Extracted data:
Segment Open

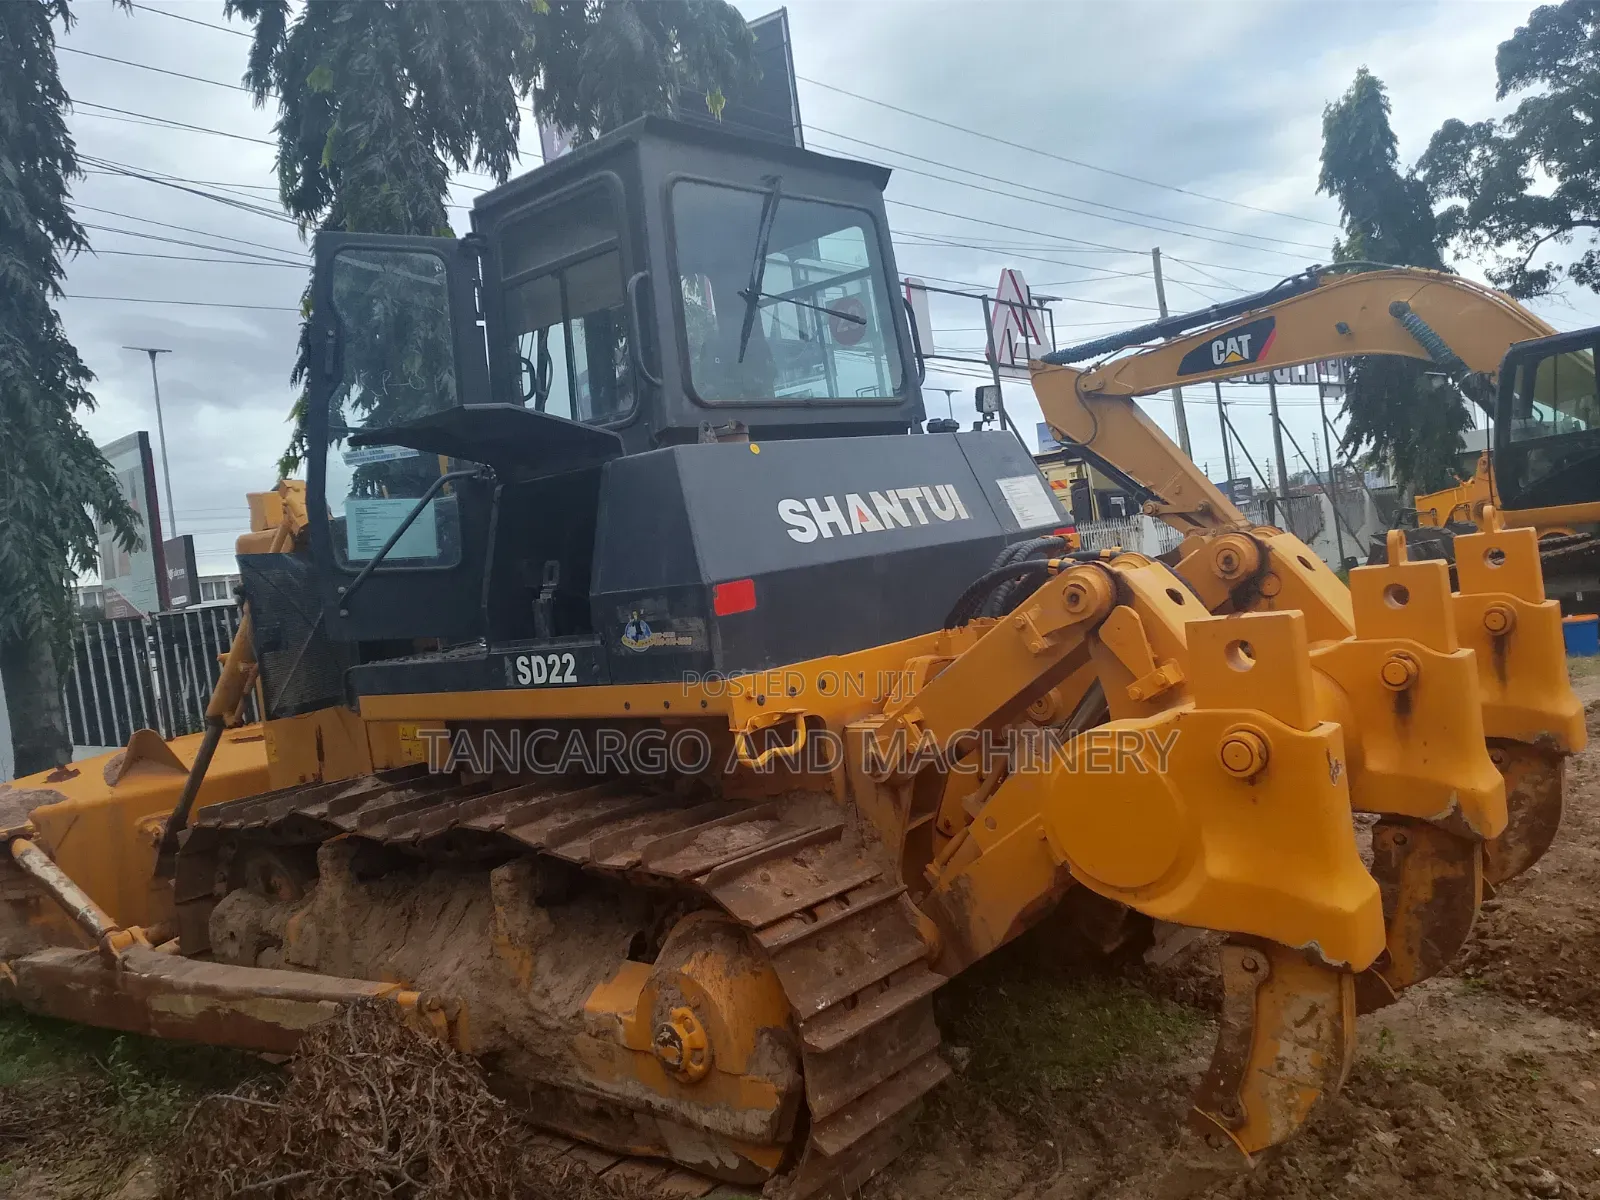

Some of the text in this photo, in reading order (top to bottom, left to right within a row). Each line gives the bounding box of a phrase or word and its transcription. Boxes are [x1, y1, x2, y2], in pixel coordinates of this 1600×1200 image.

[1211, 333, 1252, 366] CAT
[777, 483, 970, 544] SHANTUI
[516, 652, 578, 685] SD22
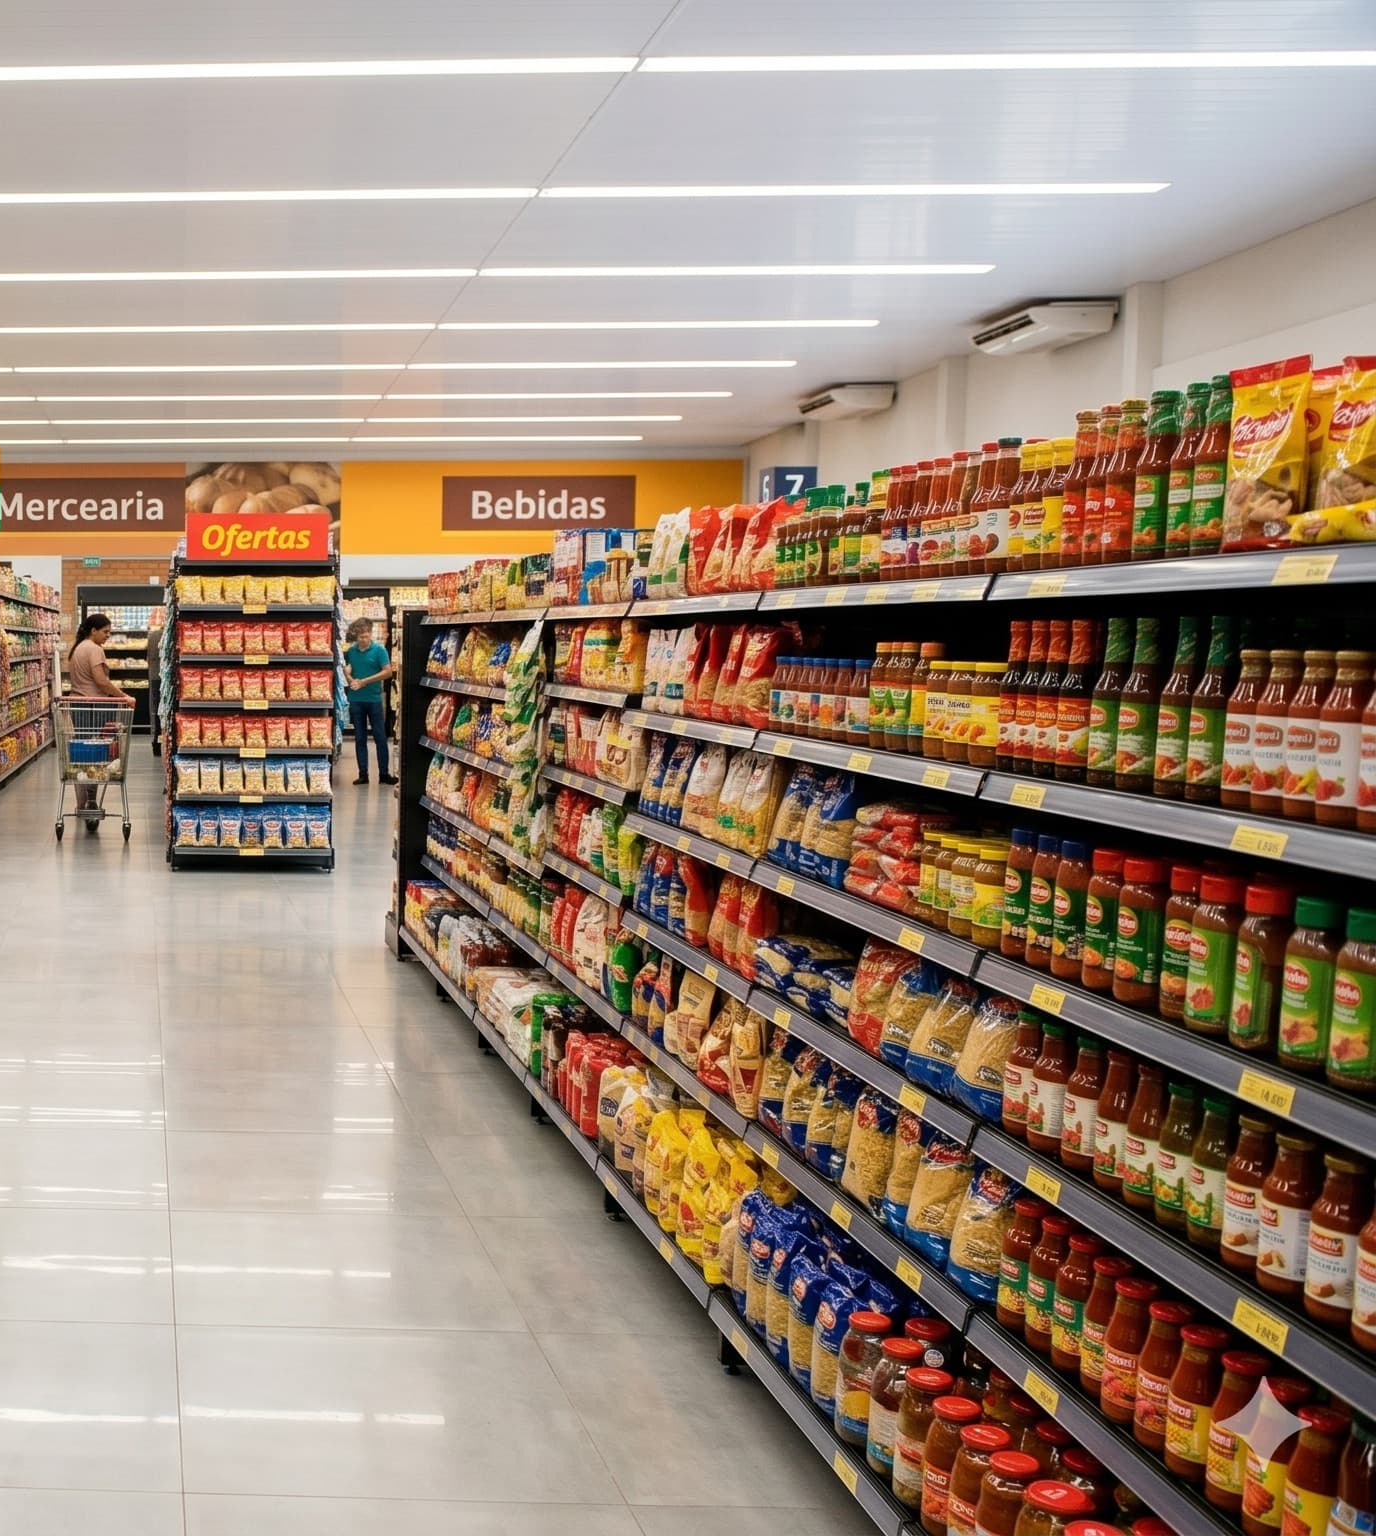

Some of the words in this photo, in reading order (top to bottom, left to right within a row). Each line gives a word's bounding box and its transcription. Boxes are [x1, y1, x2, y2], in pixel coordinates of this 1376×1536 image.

Segment Closed
Segment Open

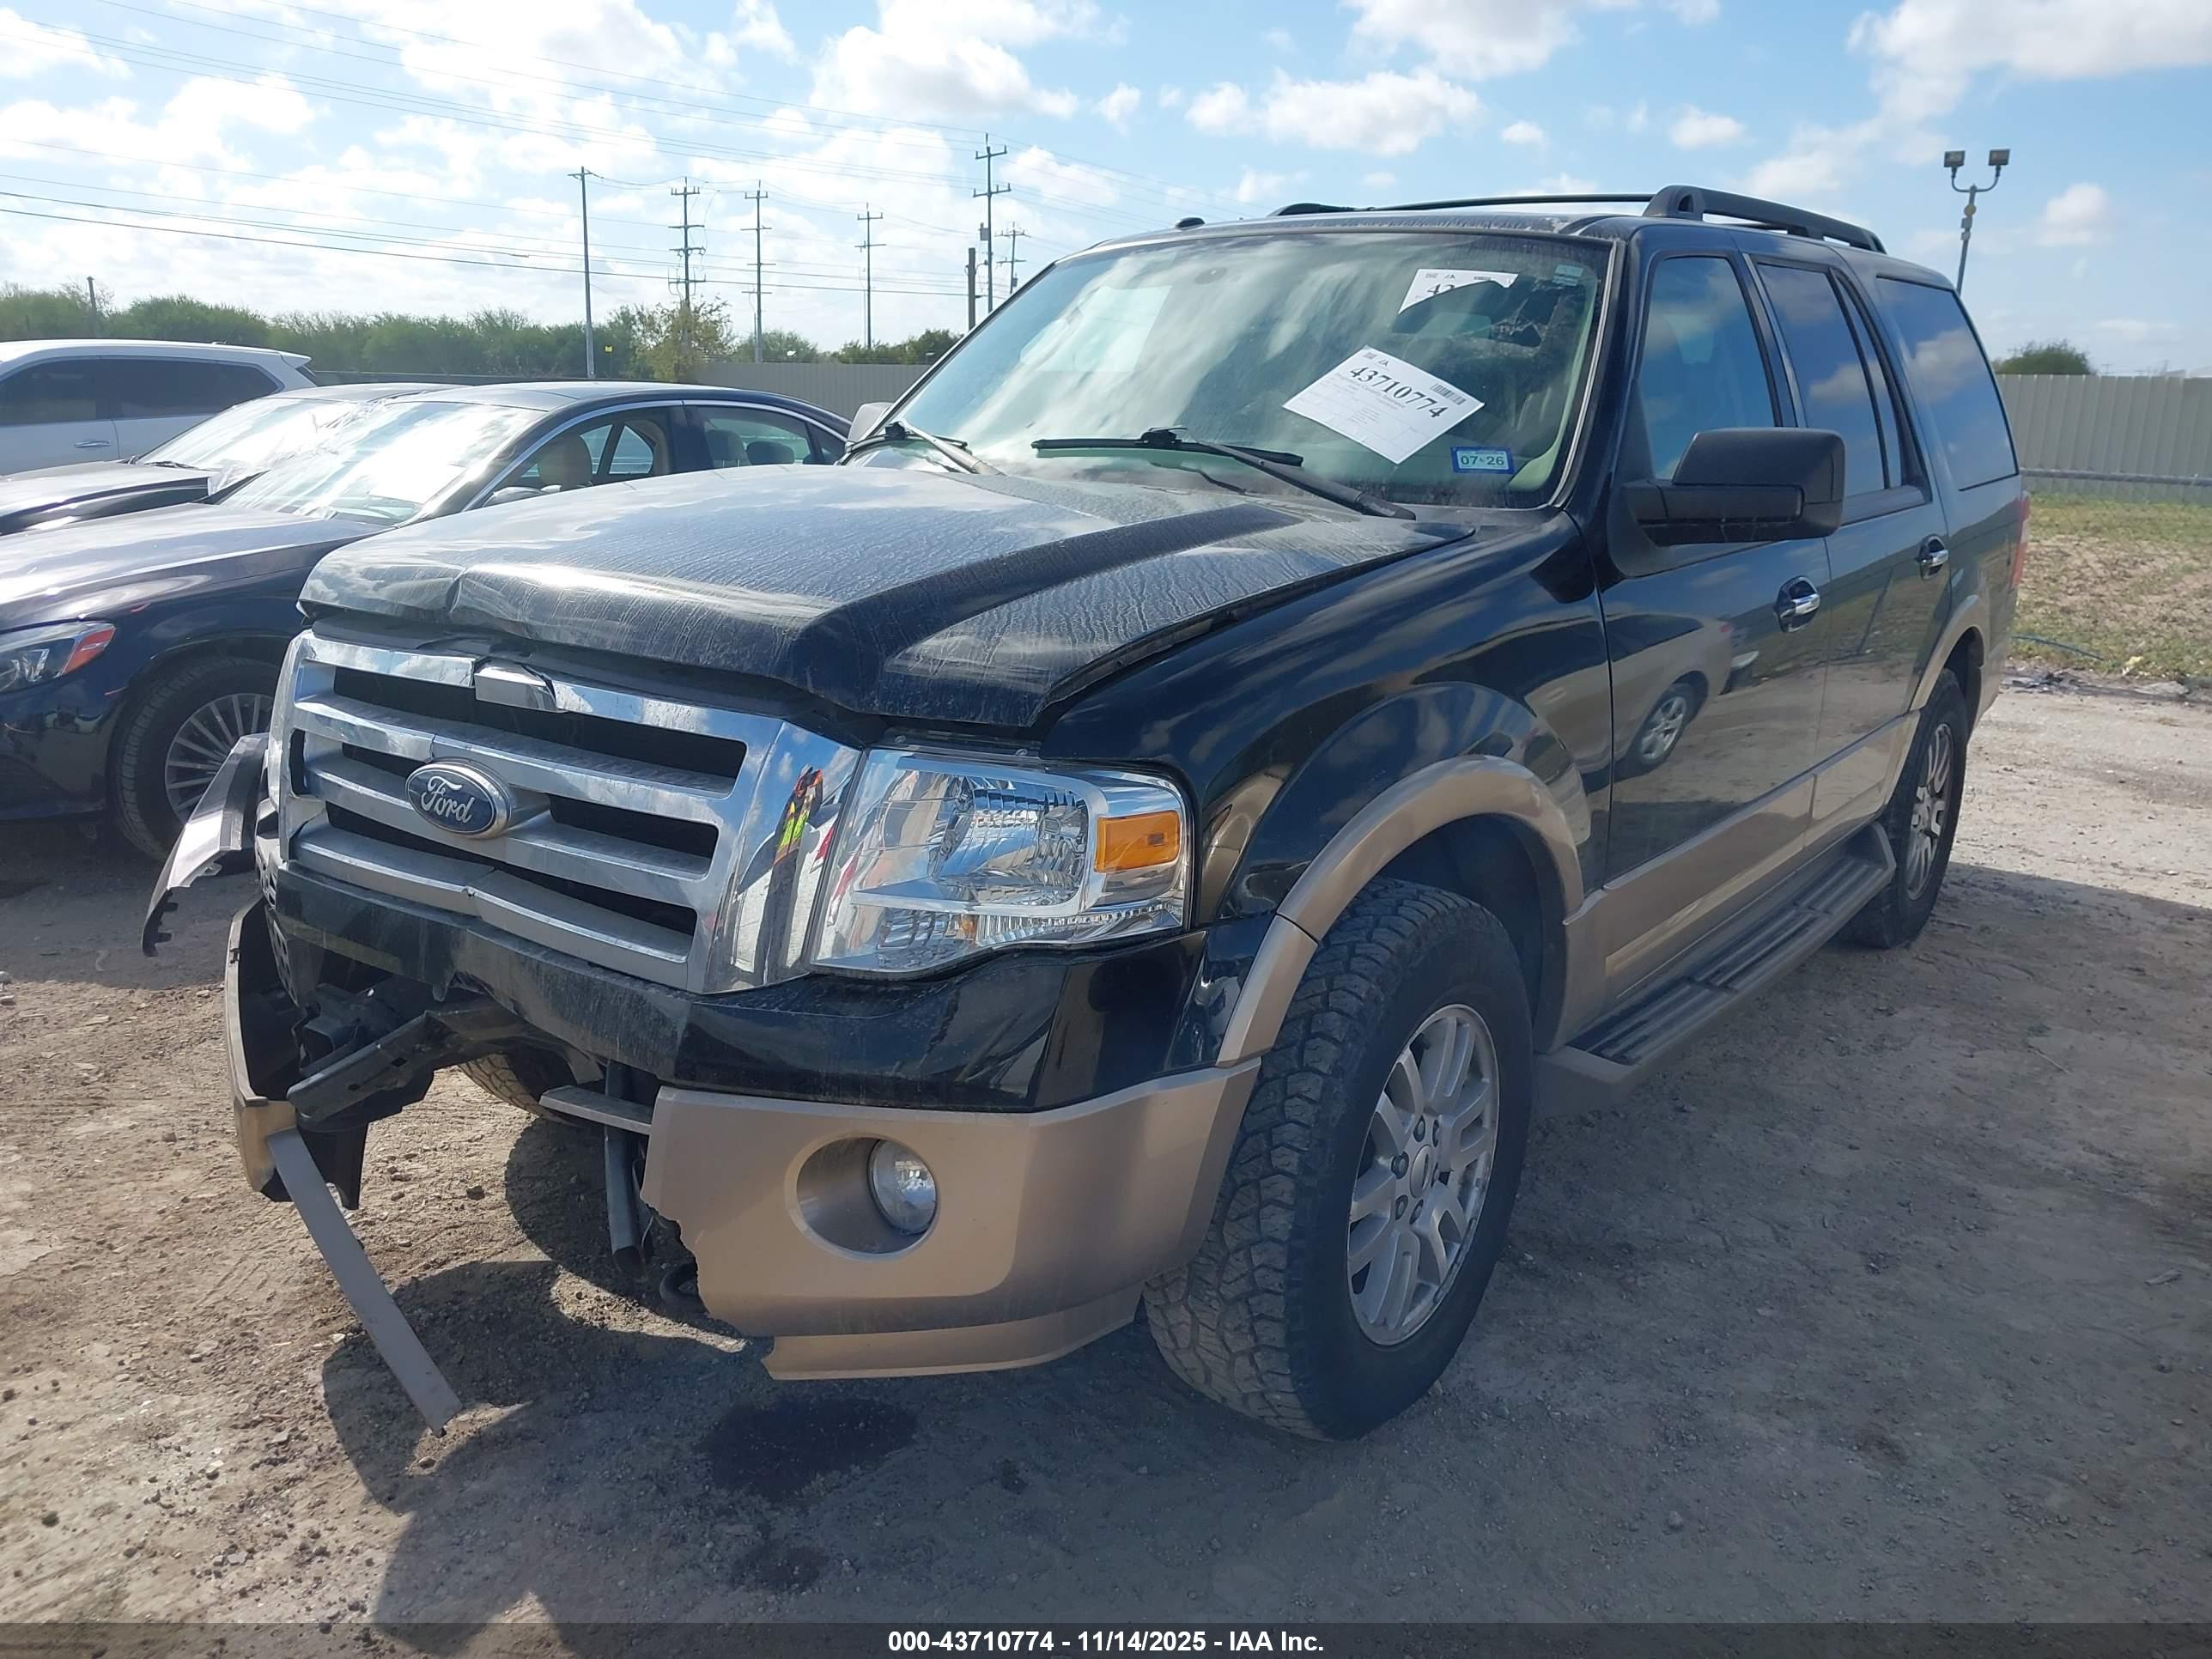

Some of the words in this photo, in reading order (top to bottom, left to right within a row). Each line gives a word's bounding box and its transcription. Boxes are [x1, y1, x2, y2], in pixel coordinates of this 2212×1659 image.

Segment Closed

Look through the material above. Transcribe exactly the lines between the ones with "Some of the text" and "this 1376×1536 image.", inclusive, and keep pictures out.

Some of the text in this photo, in reading order (top to bottom, left to right within a row). Each line gives the bounding box of a phrase or word and its transcription. Boxes are [x1, y1, x2, y2], in pixel coordinates of this 1600×1200 image.

[1211, 333, 1252, 366] CAT
[777, 483, 970, 544] SHANTUI
[516, 652, 578, 685] SD22

Some of the words in this photo, in reading order (top to bottom, left to right within a row). Each line gives a word's bounding box and its transcription. Boxes are [x1, y1, x2, y2], in pixel coordinates of this 1376×1536 image.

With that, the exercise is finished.